Your Tests Are Passing and Your Software Is Broken

A green test suite is not proof that software works. It’s proof that software works the way you imagined it would. Those are two different things, and confusing them is how production incidents happen on a Tuesday morning despite a CI pipeline that showed 847 passing tests.

The testing orthodoxy has convinced engineers that coverage is a proxy for correctness. It isn’t. Coverage measures which lines of code a test touched. It says nothing about whether the test asked a meaningful question, whether the system behaves correctly under realistic conditions, or whether the thing you built actually solves the problem a user has. The green checkmark is a measurement of effort, dressed up as a measurement of quality.

Tests confirm your assumptions, not reality

Every test is a formalization of what the author believed the code should do. When a developer writes both the implementation and the test, the test is almost always a mirror of the implementation’s assumptions, not an independent check on them. This is the core problem. You can have 100% branch coverage on a payment processing module and still ship a bug that charges users twice, if neither the code nor the tests ever modeled the case where a network timeout causes a retry on an already-completed transaction.

The Knight Capital incident in 2012 is the clearest example of this at scale. Their automated trading system accumulated a position of $7 billion in 45 minutes because a deployment error activated old code. Their tests, by any reasonable measure, would have been passing. The failure wasn’t in logic the tests could see. It was in the interaction between deployment state and live market conditions, a category of failure that unit tests are structurally unable to catch.

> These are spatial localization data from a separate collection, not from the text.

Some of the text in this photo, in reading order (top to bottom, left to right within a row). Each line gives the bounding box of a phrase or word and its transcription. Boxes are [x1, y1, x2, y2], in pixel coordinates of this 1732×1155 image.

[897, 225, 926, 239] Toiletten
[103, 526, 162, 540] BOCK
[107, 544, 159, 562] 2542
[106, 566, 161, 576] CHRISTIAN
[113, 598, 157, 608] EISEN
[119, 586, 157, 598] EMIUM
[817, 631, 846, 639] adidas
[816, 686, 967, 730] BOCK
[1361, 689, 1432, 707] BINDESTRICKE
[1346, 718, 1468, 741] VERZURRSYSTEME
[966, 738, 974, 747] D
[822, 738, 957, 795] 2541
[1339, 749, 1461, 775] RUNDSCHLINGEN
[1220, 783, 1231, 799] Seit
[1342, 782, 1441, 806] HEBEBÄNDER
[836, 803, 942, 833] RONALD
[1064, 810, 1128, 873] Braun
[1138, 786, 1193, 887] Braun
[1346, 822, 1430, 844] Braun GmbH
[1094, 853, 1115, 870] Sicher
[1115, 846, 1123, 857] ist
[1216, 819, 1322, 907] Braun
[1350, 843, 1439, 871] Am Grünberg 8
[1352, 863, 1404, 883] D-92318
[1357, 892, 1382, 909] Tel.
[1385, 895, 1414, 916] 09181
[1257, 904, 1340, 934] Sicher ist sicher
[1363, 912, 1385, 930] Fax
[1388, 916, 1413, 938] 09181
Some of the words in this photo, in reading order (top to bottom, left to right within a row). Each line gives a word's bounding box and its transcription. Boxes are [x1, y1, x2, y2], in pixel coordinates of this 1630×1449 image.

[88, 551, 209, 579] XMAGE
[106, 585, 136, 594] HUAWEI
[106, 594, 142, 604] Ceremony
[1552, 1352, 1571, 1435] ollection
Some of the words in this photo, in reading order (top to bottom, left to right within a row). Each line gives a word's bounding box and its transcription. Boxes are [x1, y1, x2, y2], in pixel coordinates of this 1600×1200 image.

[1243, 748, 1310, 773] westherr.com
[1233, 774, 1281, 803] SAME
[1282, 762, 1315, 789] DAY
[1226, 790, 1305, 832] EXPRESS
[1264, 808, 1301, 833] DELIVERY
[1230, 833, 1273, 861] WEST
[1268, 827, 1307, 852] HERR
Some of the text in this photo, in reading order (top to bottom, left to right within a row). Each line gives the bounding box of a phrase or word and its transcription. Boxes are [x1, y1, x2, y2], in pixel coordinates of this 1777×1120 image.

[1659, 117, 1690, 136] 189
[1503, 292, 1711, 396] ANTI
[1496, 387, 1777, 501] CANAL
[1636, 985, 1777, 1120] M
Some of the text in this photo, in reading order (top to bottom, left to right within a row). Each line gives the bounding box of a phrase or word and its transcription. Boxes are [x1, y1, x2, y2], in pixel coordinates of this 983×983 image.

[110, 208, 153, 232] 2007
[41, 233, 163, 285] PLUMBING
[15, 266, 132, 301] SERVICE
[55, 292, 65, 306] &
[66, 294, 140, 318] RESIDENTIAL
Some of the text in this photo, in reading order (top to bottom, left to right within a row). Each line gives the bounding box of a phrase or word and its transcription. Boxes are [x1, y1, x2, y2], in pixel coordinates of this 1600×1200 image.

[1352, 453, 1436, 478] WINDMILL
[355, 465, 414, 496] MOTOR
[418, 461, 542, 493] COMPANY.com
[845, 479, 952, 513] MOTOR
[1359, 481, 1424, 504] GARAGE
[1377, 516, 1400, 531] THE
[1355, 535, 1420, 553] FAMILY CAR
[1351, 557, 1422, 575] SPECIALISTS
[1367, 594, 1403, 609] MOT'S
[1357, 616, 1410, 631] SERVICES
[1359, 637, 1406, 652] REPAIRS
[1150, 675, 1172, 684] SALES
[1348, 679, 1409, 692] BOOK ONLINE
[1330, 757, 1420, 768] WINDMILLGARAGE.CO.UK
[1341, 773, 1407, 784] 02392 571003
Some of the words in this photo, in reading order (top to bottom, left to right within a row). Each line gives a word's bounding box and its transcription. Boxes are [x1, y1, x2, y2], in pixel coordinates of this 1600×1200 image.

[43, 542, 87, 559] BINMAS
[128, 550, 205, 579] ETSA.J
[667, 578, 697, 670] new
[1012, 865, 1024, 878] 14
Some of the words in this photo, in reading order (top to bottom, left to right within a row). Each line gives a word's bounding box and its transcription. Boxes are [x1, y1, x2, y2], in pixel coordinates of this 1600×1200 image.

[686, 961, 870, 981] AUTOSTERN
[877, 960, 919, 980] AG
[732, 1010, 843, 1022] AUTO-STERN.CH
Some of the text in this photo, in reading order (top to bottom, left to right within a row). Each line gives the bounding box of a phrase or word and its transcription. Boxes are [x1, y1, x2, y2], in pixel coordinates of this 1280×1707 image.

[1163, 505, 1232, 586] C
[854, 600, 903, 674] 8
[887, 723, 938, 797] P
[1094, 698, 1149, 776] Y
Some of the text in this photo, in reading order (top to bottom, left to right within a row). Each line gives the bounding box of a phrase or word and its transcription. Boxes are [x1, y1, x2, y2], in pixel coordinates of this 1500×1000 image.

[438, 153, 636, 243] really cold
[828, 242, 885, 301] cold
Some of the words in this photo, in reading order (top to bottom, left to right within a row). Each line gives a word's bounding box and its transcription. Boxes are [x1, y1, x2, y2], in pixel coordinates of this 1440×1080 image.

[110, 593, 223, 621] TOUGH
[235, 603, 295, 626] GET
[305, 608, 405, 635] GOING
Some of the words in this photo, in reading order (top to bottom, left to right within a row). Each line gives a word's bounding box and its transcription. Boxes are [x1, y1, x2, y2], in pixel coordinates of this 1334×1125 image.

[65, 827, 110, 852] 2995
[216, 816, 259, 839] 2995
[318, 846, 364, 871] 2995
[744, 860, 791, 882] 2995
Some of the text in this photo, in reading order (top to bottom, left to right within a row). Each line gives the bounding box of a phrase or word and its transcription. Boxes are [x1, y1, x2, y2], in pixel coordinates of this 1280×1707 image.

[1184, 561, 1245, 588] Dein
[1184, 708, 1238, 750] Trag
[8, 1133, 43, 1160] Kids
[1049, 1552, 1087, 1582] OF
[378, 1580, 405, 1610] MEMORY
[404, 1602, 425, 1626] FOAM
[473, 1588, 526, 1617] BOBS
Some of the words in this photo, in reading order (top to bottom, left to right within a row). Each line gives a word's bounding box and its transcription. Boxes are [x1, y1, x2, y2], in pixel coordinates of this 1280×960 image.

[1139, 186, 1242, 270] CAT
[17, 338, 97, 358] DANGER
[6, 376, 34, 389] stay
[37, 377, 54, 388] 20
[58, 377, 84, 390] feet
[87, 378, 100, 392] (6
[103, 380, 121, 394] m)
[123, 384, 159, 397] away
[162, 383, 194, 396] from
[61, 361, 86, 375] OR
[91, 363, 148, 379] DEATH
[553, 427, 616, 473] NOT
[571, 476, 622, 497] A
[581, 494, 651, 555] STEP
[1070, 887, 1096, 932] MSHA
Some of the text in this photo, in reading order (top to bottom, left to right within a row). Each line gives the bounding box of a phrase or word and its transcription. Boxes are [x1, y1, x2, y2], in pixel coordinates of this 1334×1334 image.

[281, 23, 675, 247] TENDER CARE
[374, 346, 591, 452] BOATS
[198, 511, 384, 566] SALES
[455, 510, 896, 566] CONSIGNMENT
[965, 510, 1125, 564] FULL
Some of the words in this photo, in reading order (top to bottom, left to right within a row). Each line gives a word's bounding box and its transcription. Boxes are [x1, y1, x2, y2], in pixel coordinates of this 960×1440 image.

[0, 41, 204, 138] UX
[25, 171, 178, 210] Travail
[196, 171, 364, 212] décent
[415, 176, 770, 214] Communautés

Diagram contrasting the orderly world of test environments with the complexity of production systems — Tests model a simplified version of reality. Production is the rest of it.

The gap between the test environment and production

Most test suites run against a sanitized version of the world. Mocked dependencies, fixed timestamps, predictable data volumes, controlled concurrency. Production is none of those things. Production has users doing things in the wrong order. It has third-party APIs that respond slowly, or not at all. It has database rows with values that were valid under a schema from three years ago.

This isn’t an argument against mocking or controlled environments. Those are necessary. The argument is that tests written entirely within that sanitized world can only validate behavior within that sanitized world. The question “does this work in production” is almost entirely unanswered by a passing test suite, and the confidence engineers derive from green status leads them to underinvest in the testing that would actually catch production failures: integration tests against real dependencies, load tests, chaos engineering, and most importantly, observability that tells you what’s happening after you’ve shipped.

High coverage can actively make things worse

Coverage targets, especially when enforced in CI pipelines, produce a specific pathology: tests that exist to satisfy the counter rather than to find bugs. A test that calls a function and asserts that it returned without raising an exception is worse than no test. It consumes time to write and maintain, it creates false confidence, and it crowds out the mental space for tests that ask hard questions.

Teams that chase coverage metrics tend to write shallow tests quickly. Teams focused on failure modes write fewer tests, but tests that encode genuine understanding of where the system could break. The latter approach finds more bugs. It also produces a test suite that still means something after six months of feature additions.

The counterargument

The standard response to this argument is that imperfect tests are better than no tests, and that’s true. Testing discipline, even when applied mechanically to coverage targets, builds habits that catch real bugs. The engineer who writes a test for every function is more likely to think carefully about edge cases than the engineer who writes none. Unit tests, done well, do catch logic errors and prevent regressions. The testing orthodoxy exists for reasons.

But the argument here isn’t against testing. It’s against treating test passage as a signal of correctness rather than a signal of internal consistency. These are compatible positions. You can maintain rigorous testing practices while being clear-eyed that those practices are a floor, not a ceiling, and that a green pipeline is not clearance to stop thinking about how the system can fail.

What actually reduces production failures

The organizations with the best reliability records don’t just have good tests. They have good observability. They track error rates, latency distributions, and anomalies in production behavior in real time. They run game days where they deliberately break things to see how systems respond. They do code review focused on failure modes, not just correctness. They treat a production incident as a signal that their mental model of the system was wrong, not just that someone wrote a bad line of code.

The shift is from asking “did the tests pass” to asking “how will I know when this is broken in production.” Those are different questions, and only one of them is actually about the system’s behavior in the world.

A passing test suite is evidence. It is not proof. Treating it as proof is how you end up debugging a production outage at midnight while your CI dashboard is entirely green.